# WHAT IS BEING ASKED
Once the line containing "this 1500×1766 image." is found, copy that line and all remaining lines of the records exactly, including the last one, and add nothing.

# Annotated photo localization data
▼▼▼

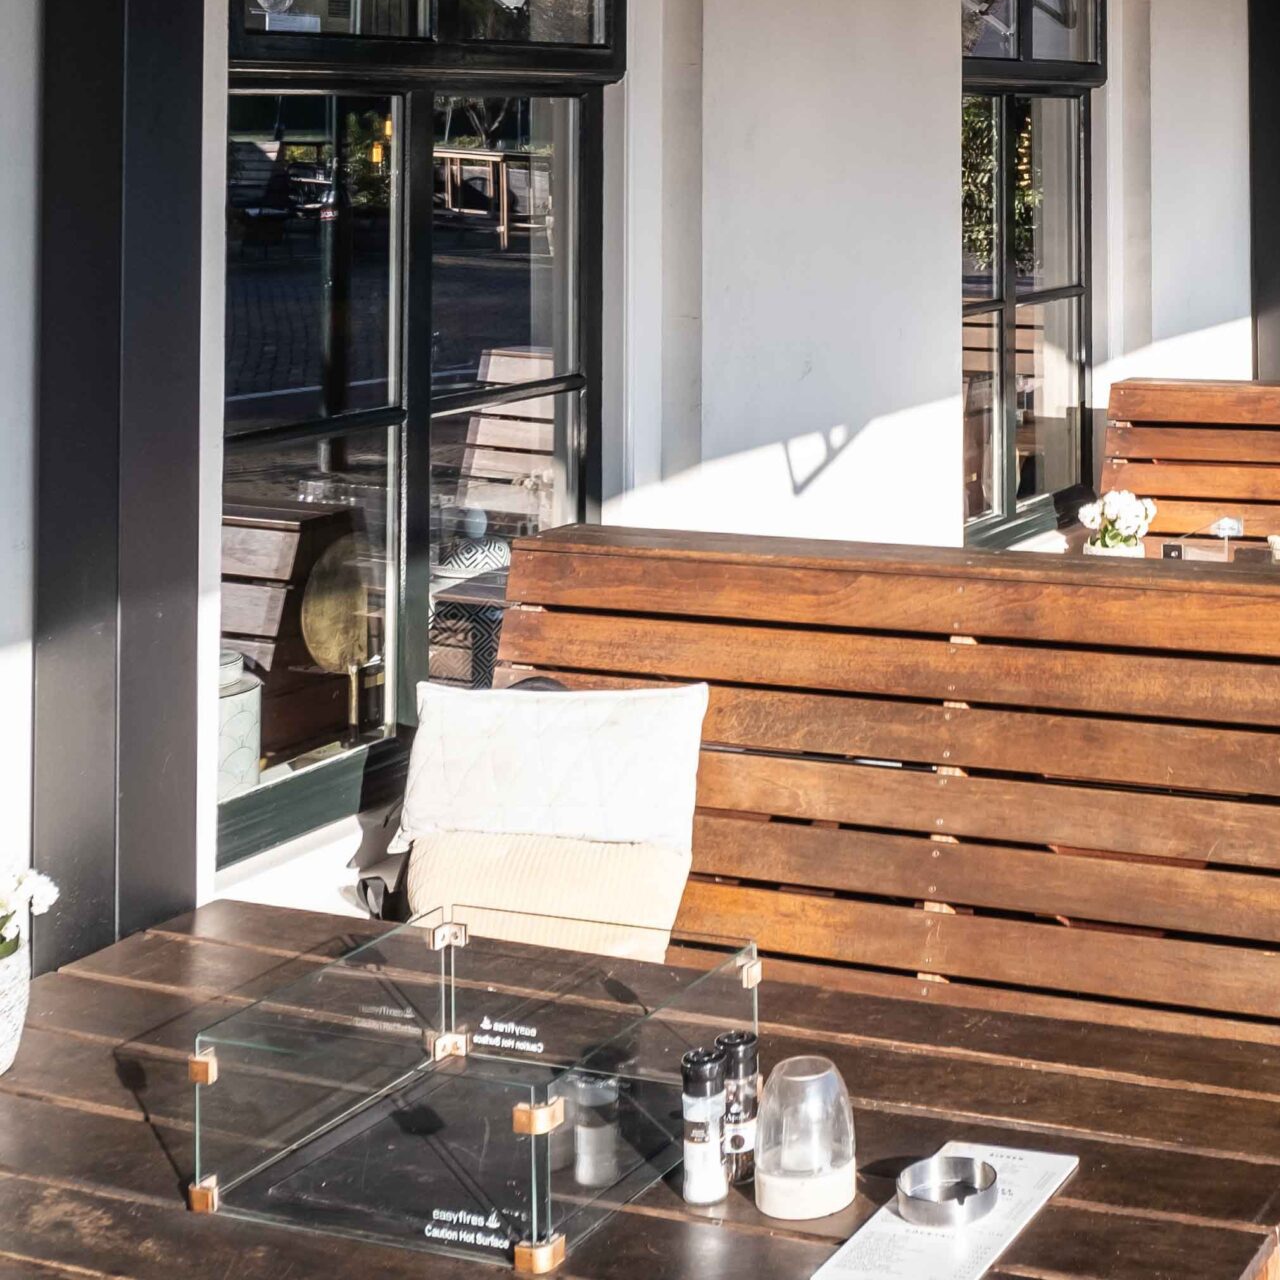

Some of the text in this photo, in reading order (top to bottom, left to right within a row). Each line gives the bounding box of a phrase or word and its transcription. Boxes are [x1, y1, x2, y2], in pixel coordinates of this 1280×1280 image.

[432, 1208, 485, 1227] easyfires
[424, 1224, 510, 1250] Caution Hot Surface
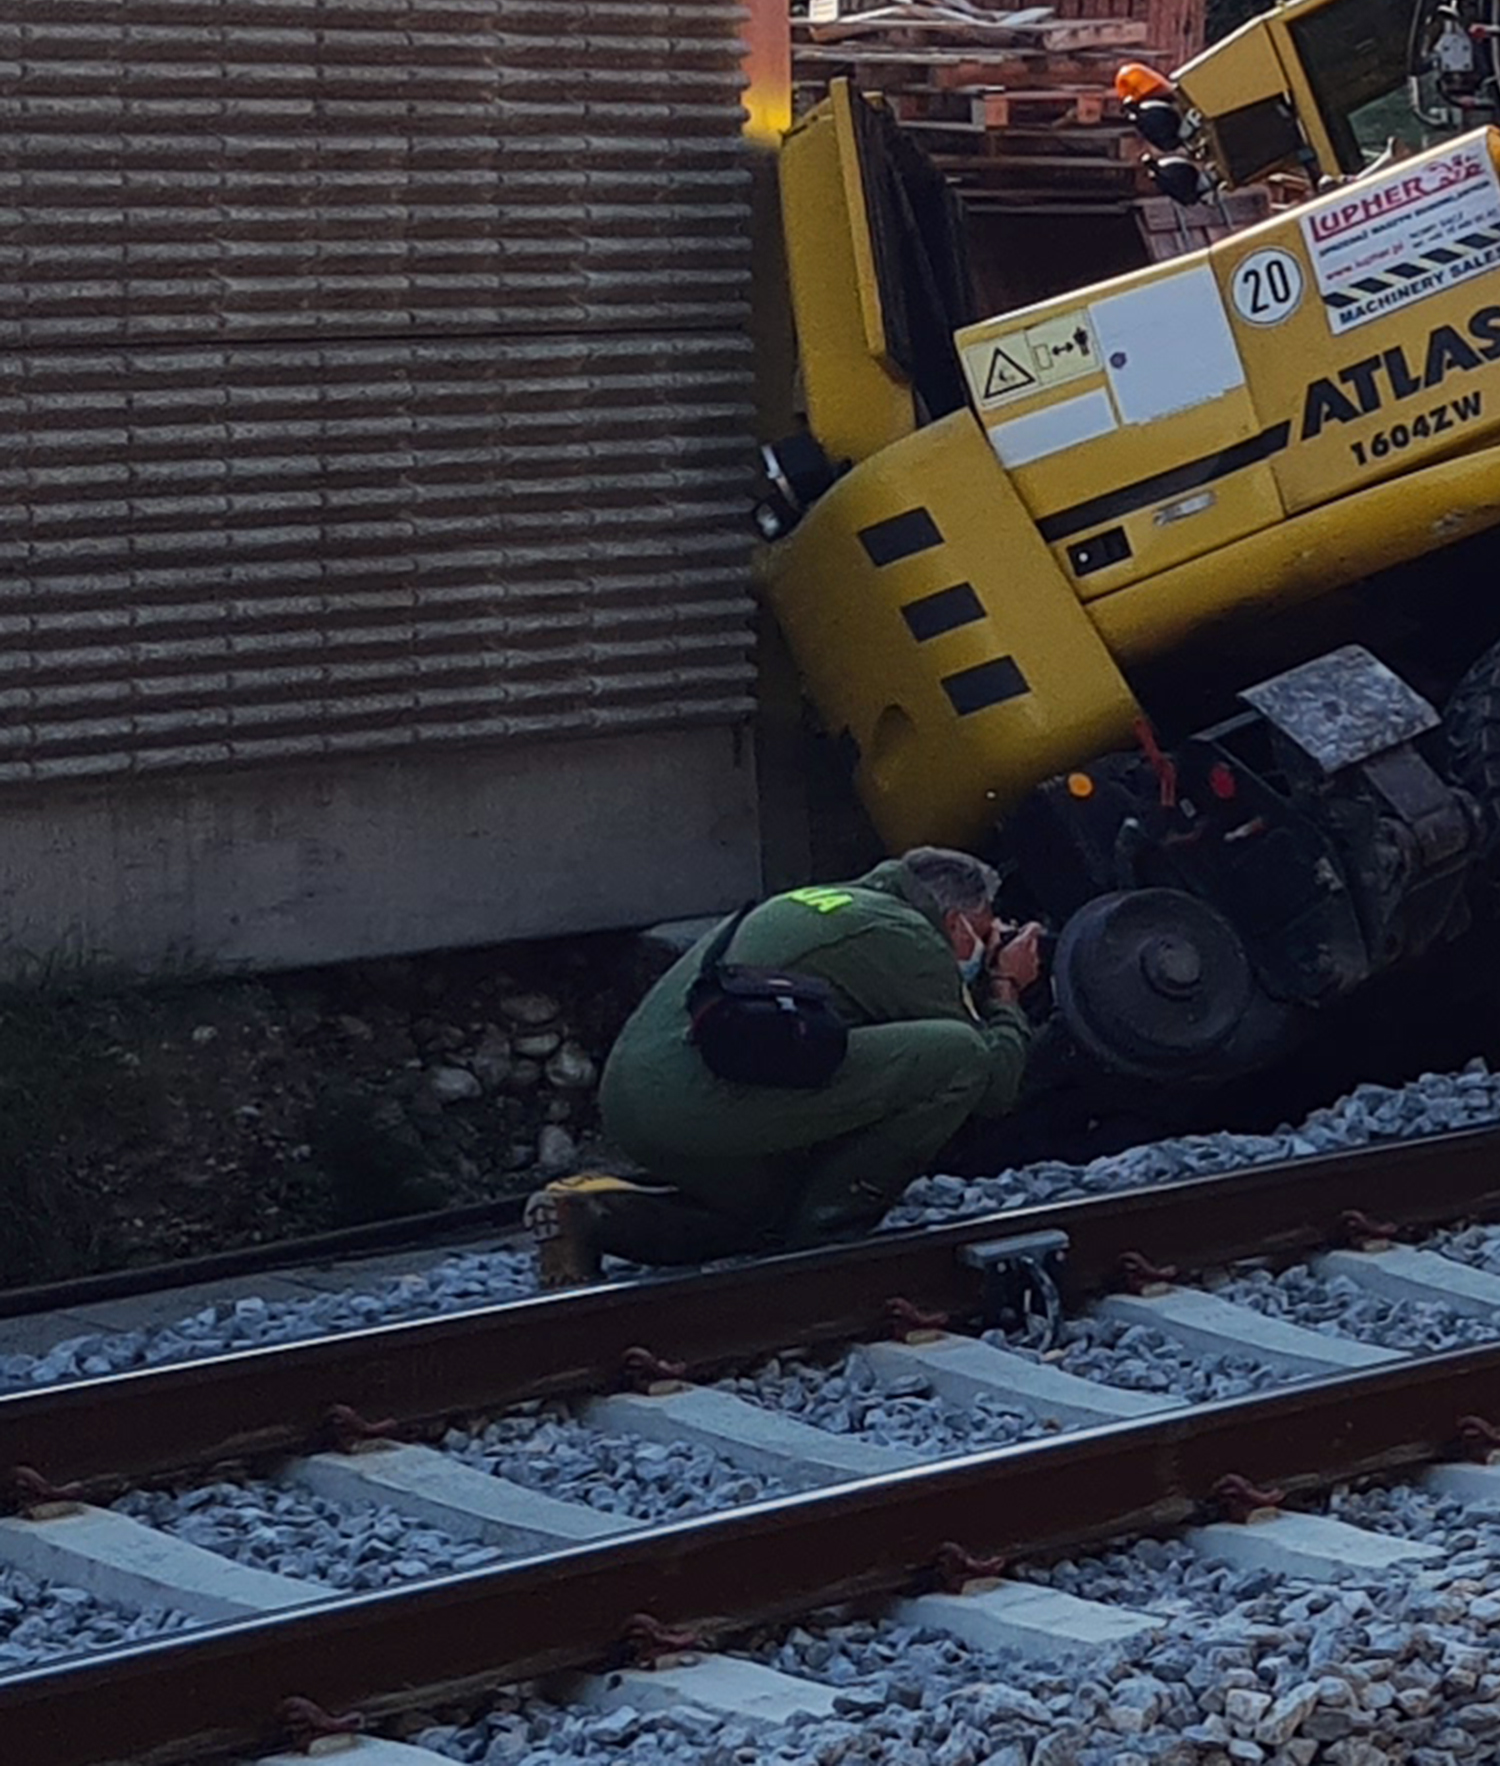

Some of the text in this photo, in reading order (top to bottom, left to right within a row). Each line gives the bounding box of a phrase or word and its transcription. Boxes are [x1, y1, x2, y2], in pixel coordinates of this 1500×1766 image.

[1242, 260, 1291, 315] 20
[1339, 271, 1445, 325] MACHINERY
[1350, 391, 1482, 466] 1604ZW

▲▲▲

# TASK SOLUTION
Some of the text in this photo, in reading order (top to bottom, left to right within a row). Each line gives the bounding box of a phrase or word and its transcription. Boxes are [x1, y1, x2, y2], in pixel coordinates of this 1500×1766 image.

[1242, 260, 1291, 315] 20
[1339, 271, 1445, 325] MACHINERY
[1350, 391, 1482, 466] 1604ZW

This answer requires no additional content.